### SOURCE DATA

##############################

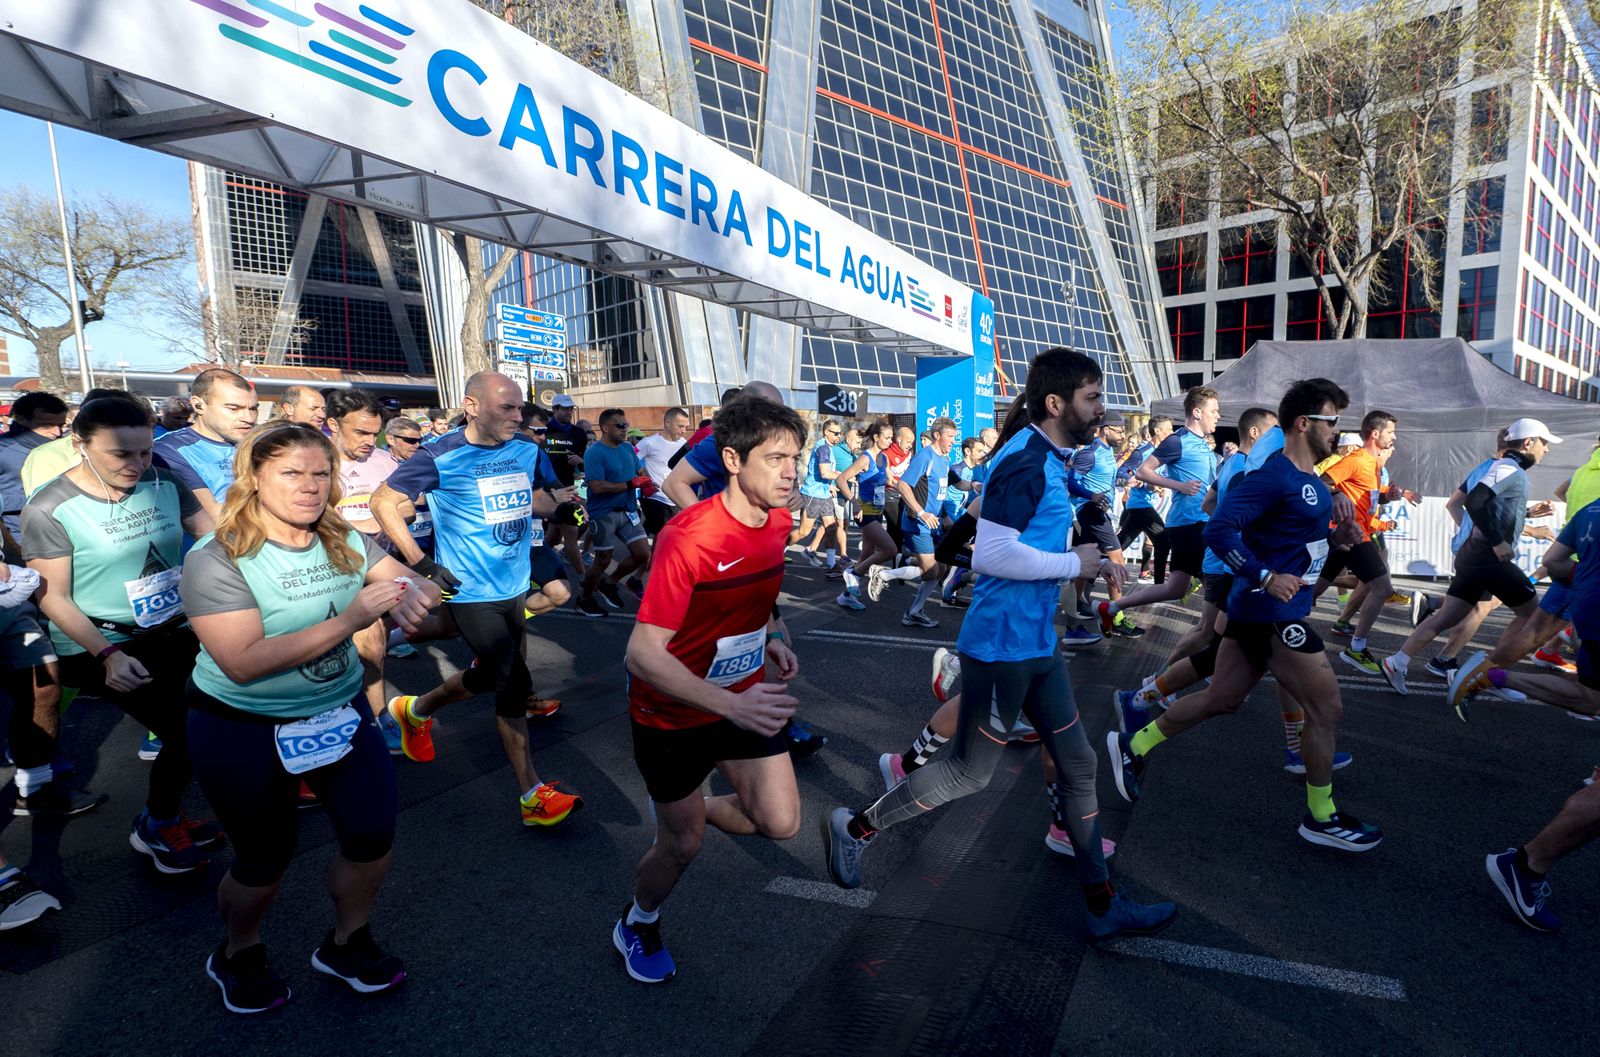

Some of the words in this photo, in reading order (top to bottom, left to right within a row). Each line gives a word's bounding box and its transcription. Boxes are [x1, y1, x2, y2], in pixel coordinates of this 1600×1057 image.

[427, 49, 753, 247] CARRERA
[767, 206, 831, 278] DEL
[840, 246, 906, 308] AGUA
[953, 399, 964, 423] Ojeda
[488, 491, 529, 511] 1842
[298, 562, 336, 577] CARRE
[282, 578, 307, 590] DEL
[310, 571, 340, 585] AGUA
[102, 622, 116, 630] edp
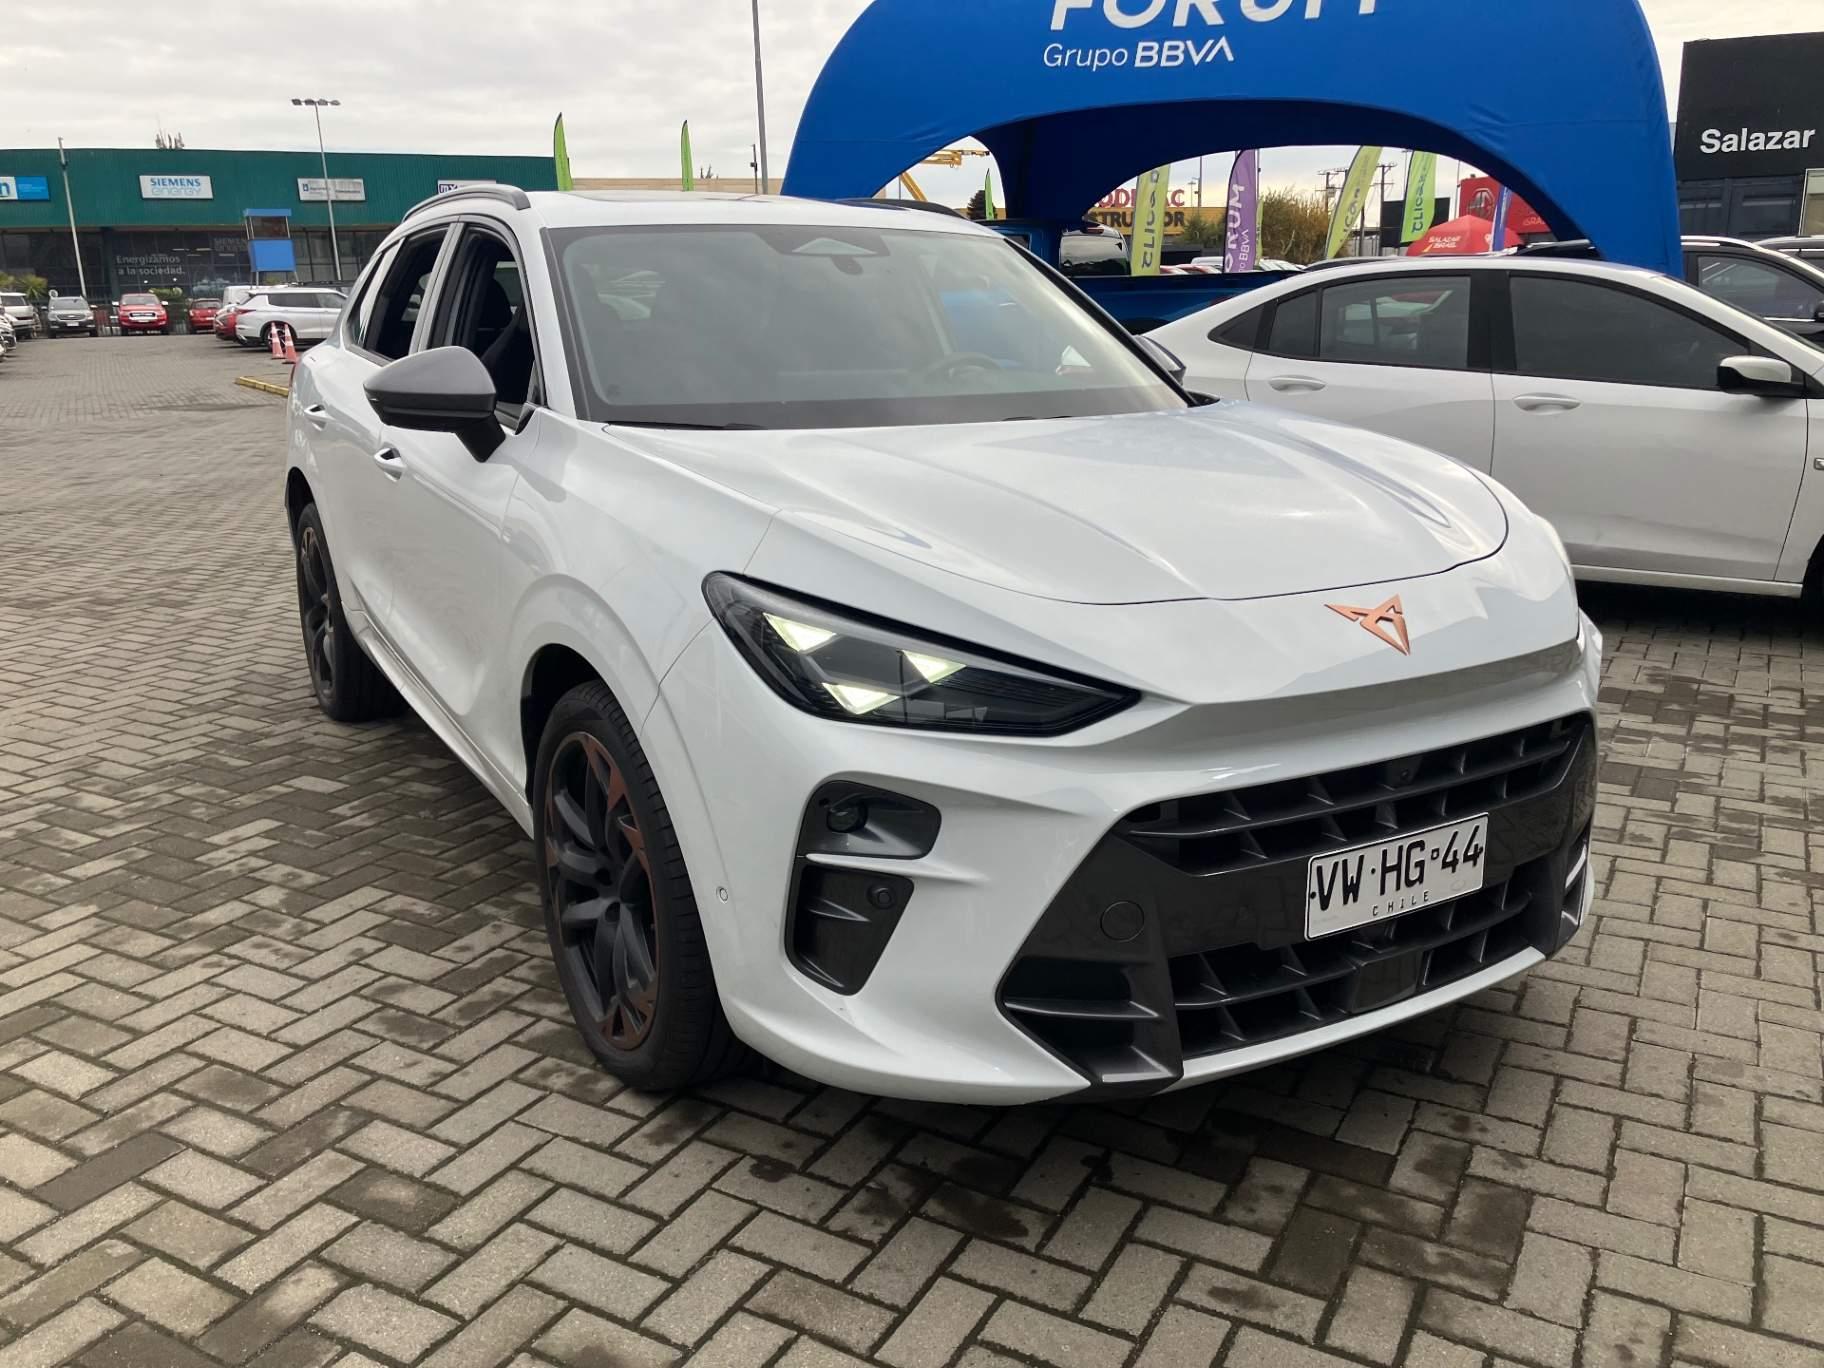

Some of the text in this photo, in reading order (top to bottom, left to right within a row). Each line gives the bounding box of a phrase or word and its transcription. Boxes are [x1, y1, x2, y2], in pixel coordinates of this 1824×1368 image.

[1043, 35, 1235, 72] Grupo BBVA
[1700, 128, 1816, 154] Salazar
[150, 177, 201, 187] SIEMENS
[127, 266, 136, 275] la
[1372, 890, 1429, 917] CHILE
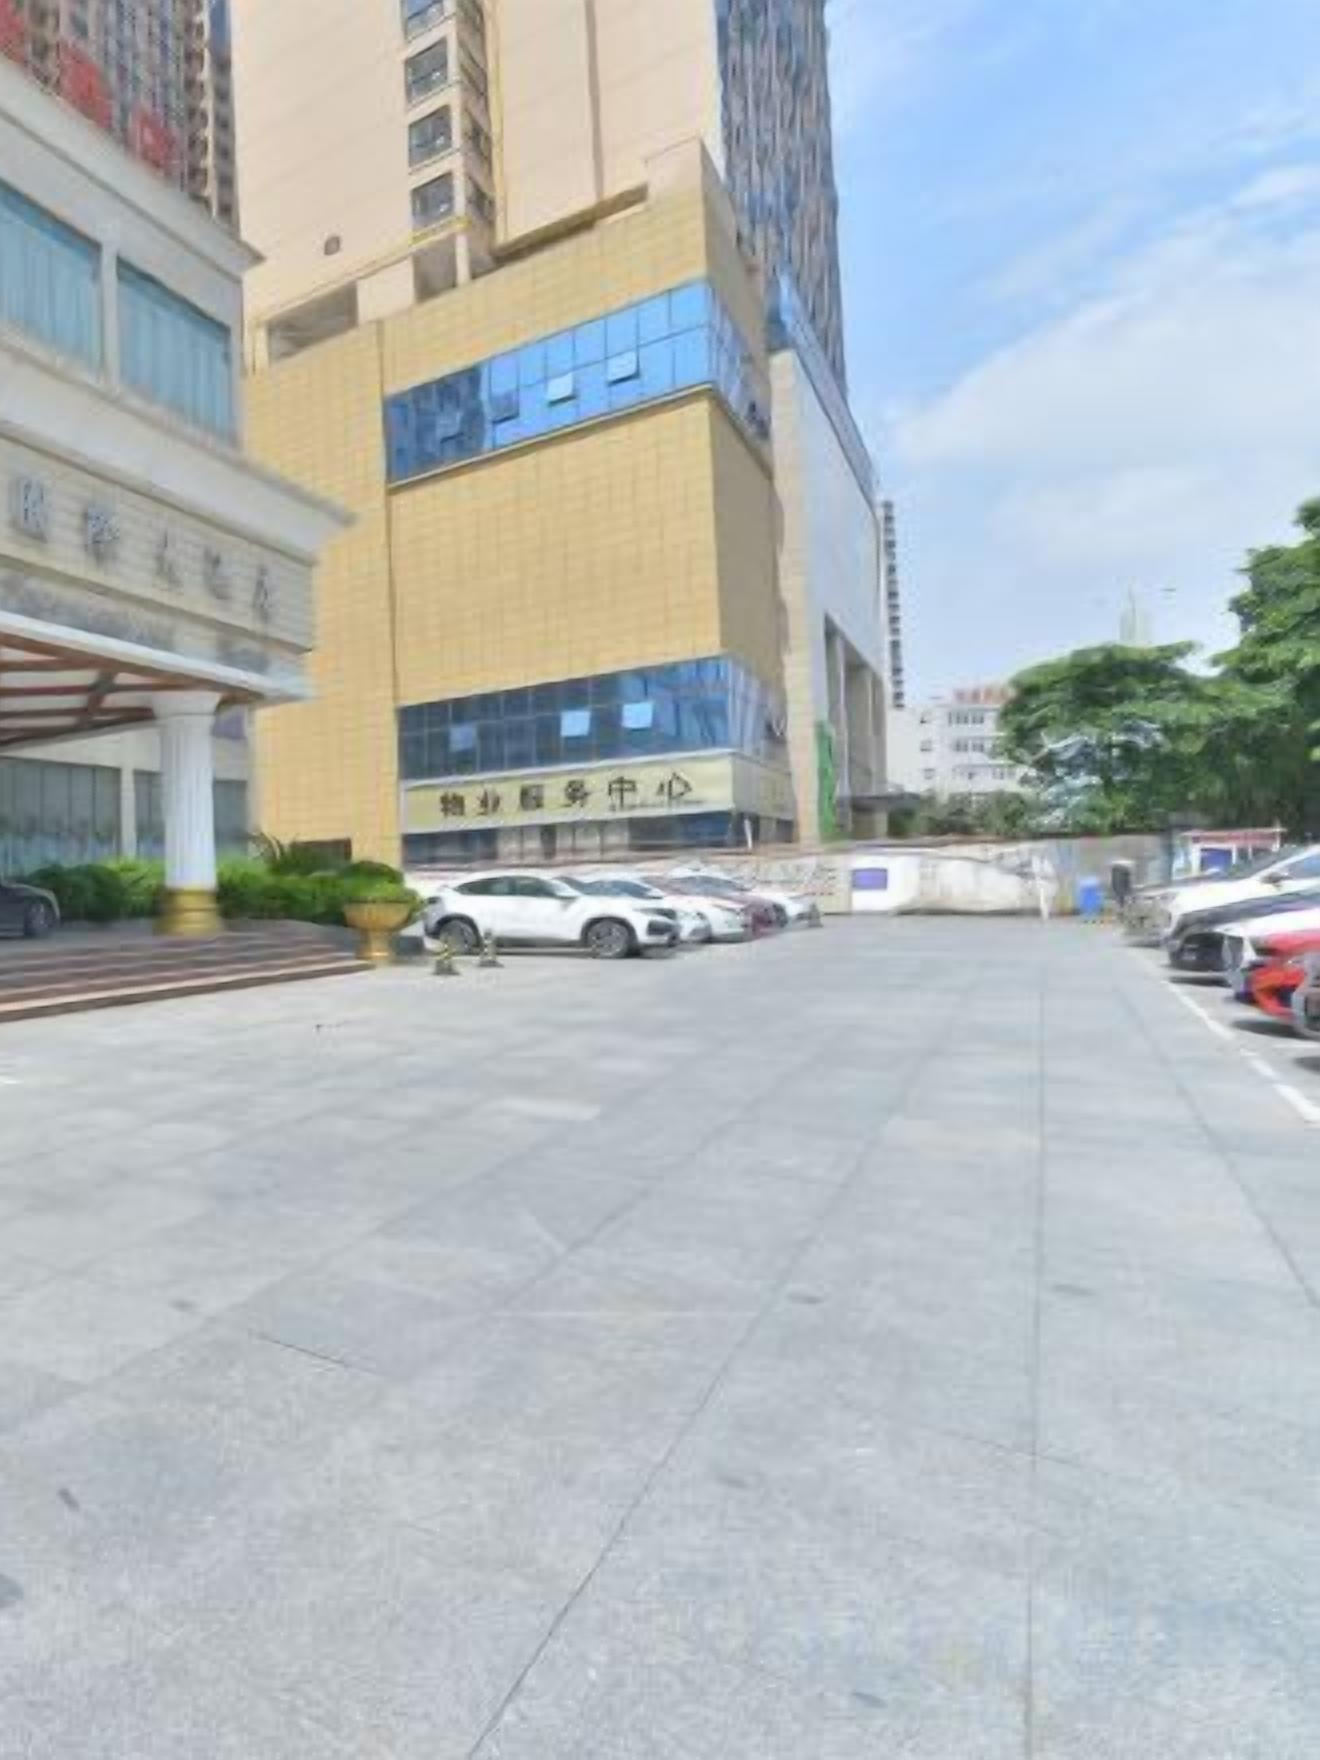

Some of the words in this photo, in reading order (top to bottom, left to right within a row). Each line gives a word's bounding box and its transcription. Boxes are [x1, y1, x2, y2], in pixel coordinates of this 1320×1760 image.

[438, 772, 693, 818] 物业服务中心
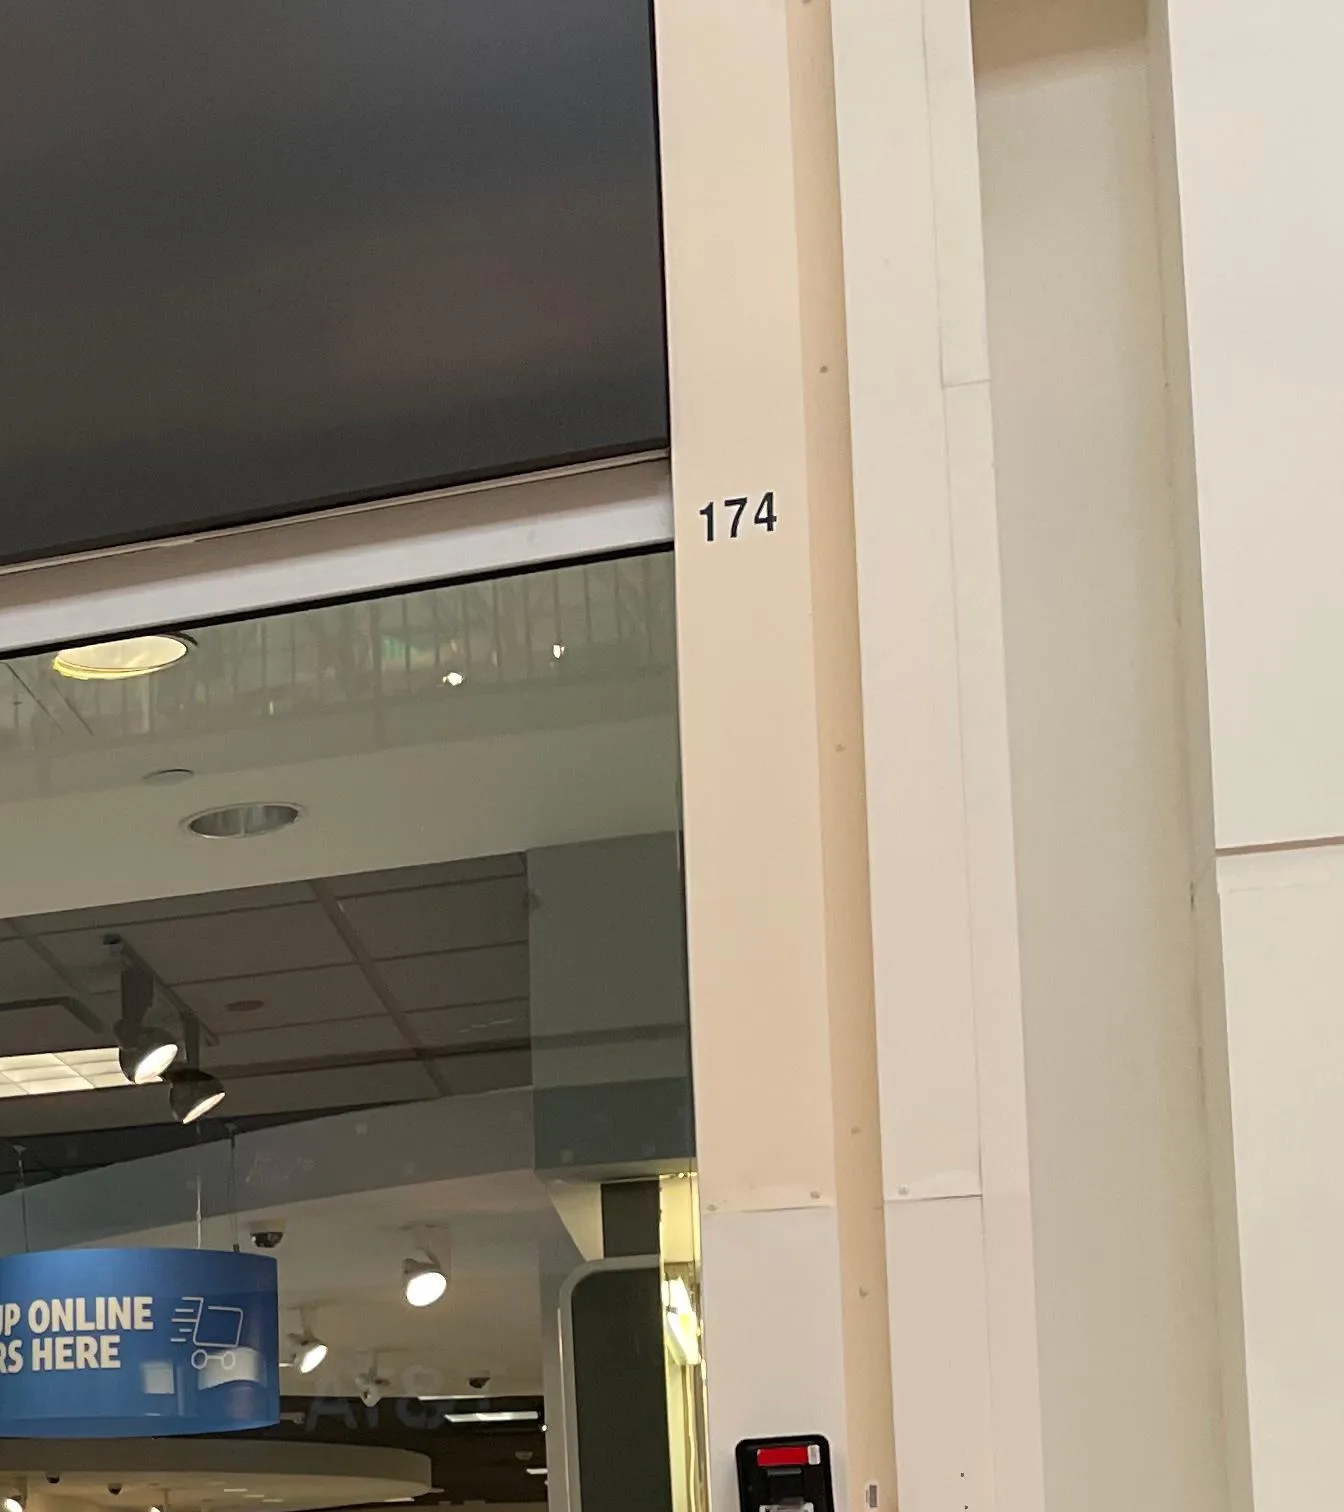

##############################

### YOUR GOAL
Exactly repeat the data above; the pictures do not belong in your copy.

### EXERCISE OUTPUT
Some of the words in this photo, in reading order (top to bottom, left to right within a row). Each line gives a word's bounding box and its transcription. Boxes are [x1, y1, x2, y2], in pixel coordinates of this 1600×1057 image.

[427, 49, 753, 247] CARRERA
[767, 206, 831, 278] DEL
[840, 246, 906, 308] AGUA
[953, 399, 964, 423] Ojeda
[488, 491, 529, 511] 1842
[298, 562, 336, 577] CARRE
[282, 578, 307, 590] DEL
[310, 571, 340, 585] AGUA
[102, 622, 116, 630] edp

Some of the text in this photo, in reading order (top to bottom, left to right within a row). Each line gives the bounding box of a phrase or word and its transcription. Boxes are [x1, y1, x2, y2], in pixel coordinates of this 1824×1368 image.

[1043, 35, 1235, 72] Grupo BBVA
[1700, 128, 1816, 154] Salazar
[150, 177, 201, 187] SIEMENS
[127, 266, 136, 275] la
[1372, 890, 1429, 917] CHILE

Some of the words in this photo, in reading order (top to bottom, left to right within a row). Each line gives a word's bounding box and its transcription. Boxes are [x1, y1, x2, y2], in pixel coordinates of this 1320×1760 image.

[438, 772, 693, 818] 物业服务中心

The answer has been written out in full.